Objective: To examine how the accompanying soft tissue resection of the oral cavity, oropharynx, neck, or face affects the reconstructive management of the lateral mandibulectomy defect.
Study design: Retrospective review of 76 consecutive patients.
Methods: Patient and tumor variables were extracted from the medical records. Outcomes that were examined included method of reconstruction, medical complications, flap complications, and survival.
Results: Age greater than 70 years (P = .03), moderate or severe comorbidity (P = .01), and tumor involvement of the base of tongue (P = .03) were significantly associated with decreased use of a free flap and with decreased 3-year survival rates.
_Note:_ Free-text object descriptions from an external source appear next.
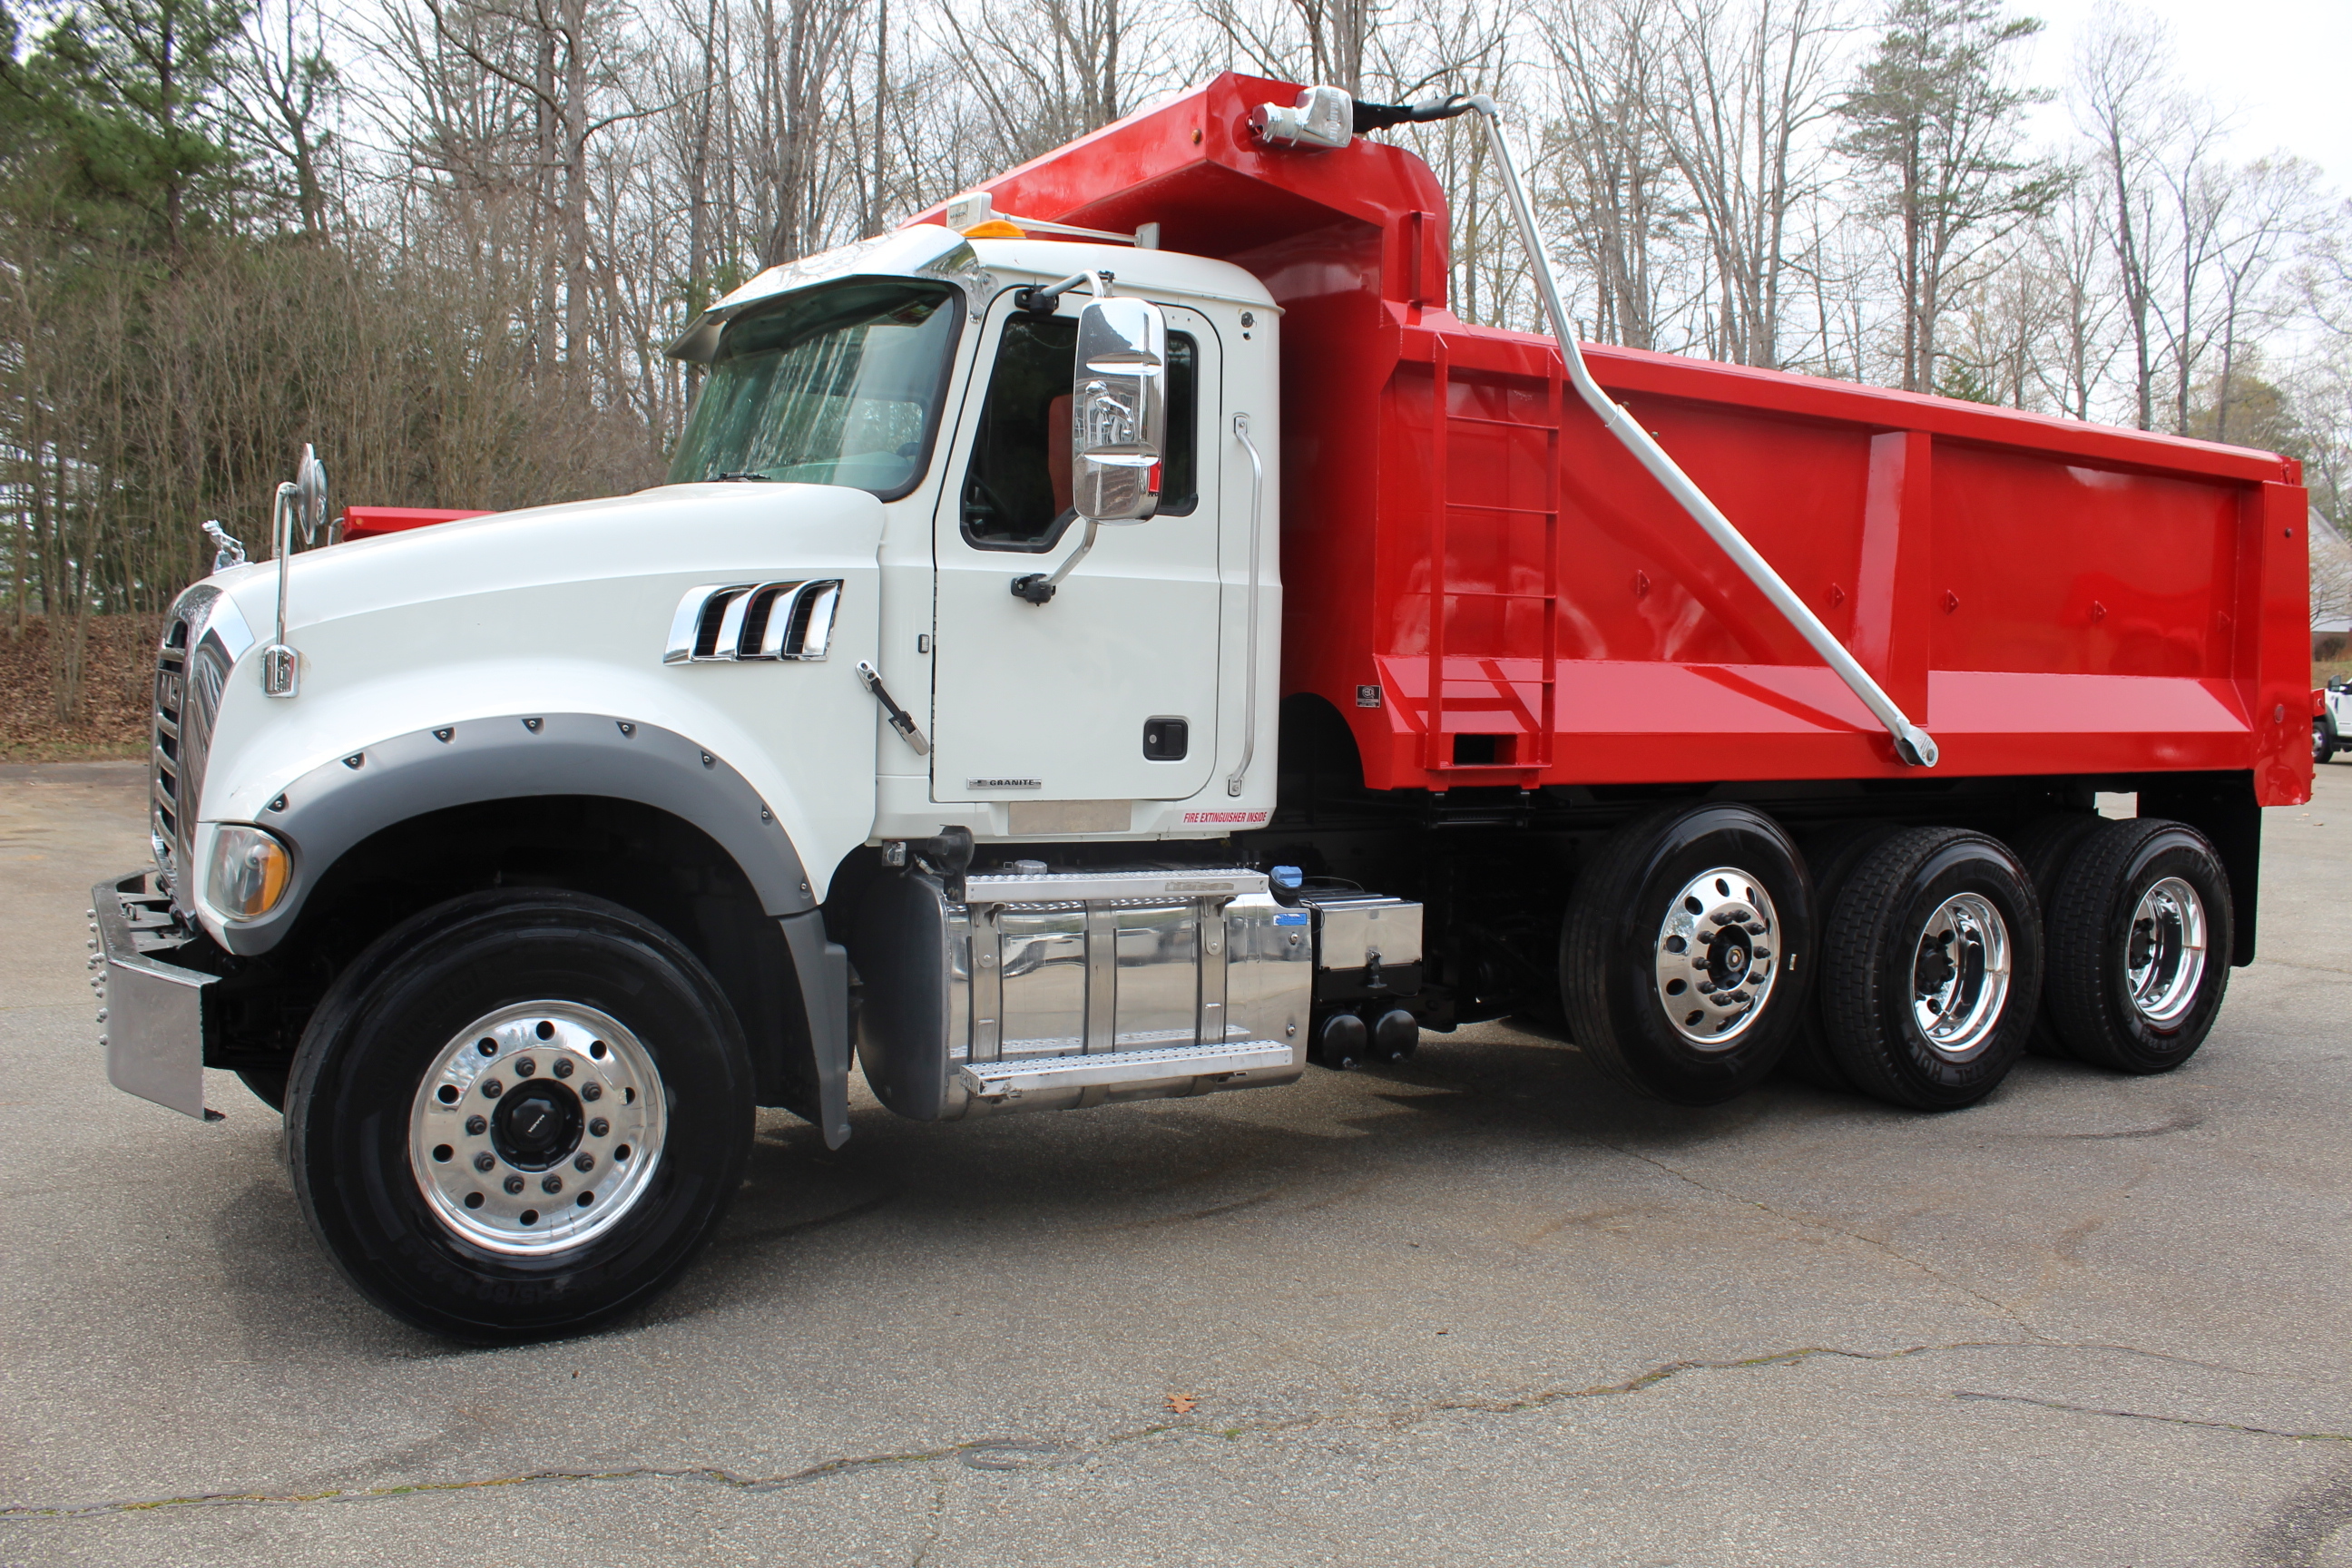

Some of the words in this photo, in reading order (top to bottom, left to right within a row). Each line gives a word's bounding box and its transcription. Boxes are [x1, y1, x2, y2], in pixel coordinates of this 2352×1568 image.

[950, 211, 966, 220] MACK
[1183, 812, 1200, 823] FIRE
[1200, 811, 1247, 823] EXTINGUISHER
[1247, 811, 1268, 822] INSIDE
[1975, 858, 2029, 919] Continental
[527, 1113, 545, 1132] MACK
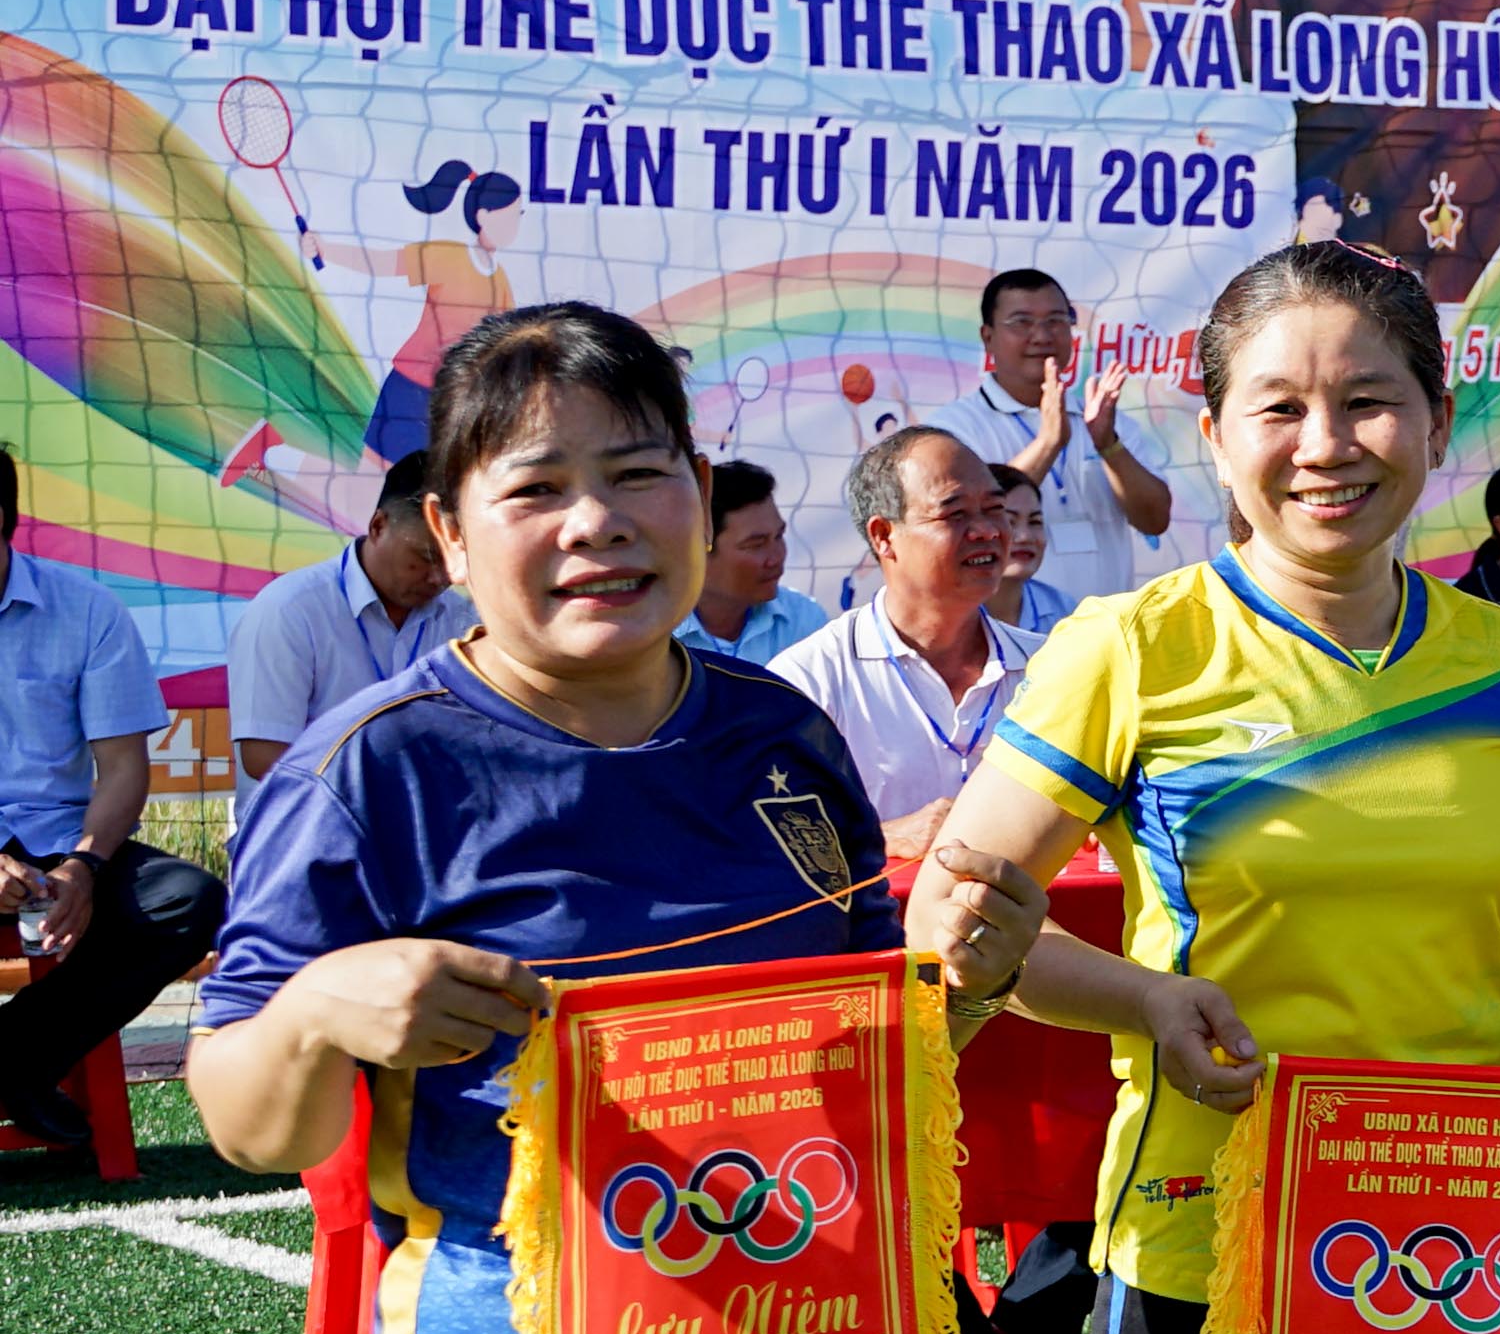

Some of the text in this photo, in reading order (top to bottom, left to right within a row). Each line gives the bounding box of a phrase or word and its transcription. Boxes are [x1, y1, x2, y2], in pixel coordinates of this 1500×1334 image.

For choice of free (osteocutaneous radial forearm free flap or fibula vs. rectus abdominis) and regional flaps (pectoralis or cervicodeltopectoral), lateral defects could be classified into one of three types: type 1 (n = 60), lateral defect with a soft tissue resection limited to the oral cavity and oropharynx; type 2 (n = 11), lateral defect with a through and through defect of the lower one third of the face (skin overlying the mandible) or neck; and type 3 (n = 5), lateral defect with an associated large-volume resection of the midface, parotid, or cheek skin.
Conclusion: When the lateral mandible is resected with an accompanying large soft tissue defect of the neck or face (type 2 or type 3 defect), the reconstructive challenge becomes the determination of how best to cover the planned bony reconstruction or whether to perform only a soft tissue reconstruction. When placed in the context of expected prognosis, the proposed classification system based on the location and volume of the associated soft tissue resection can help guide the reconstructive options for these decisions.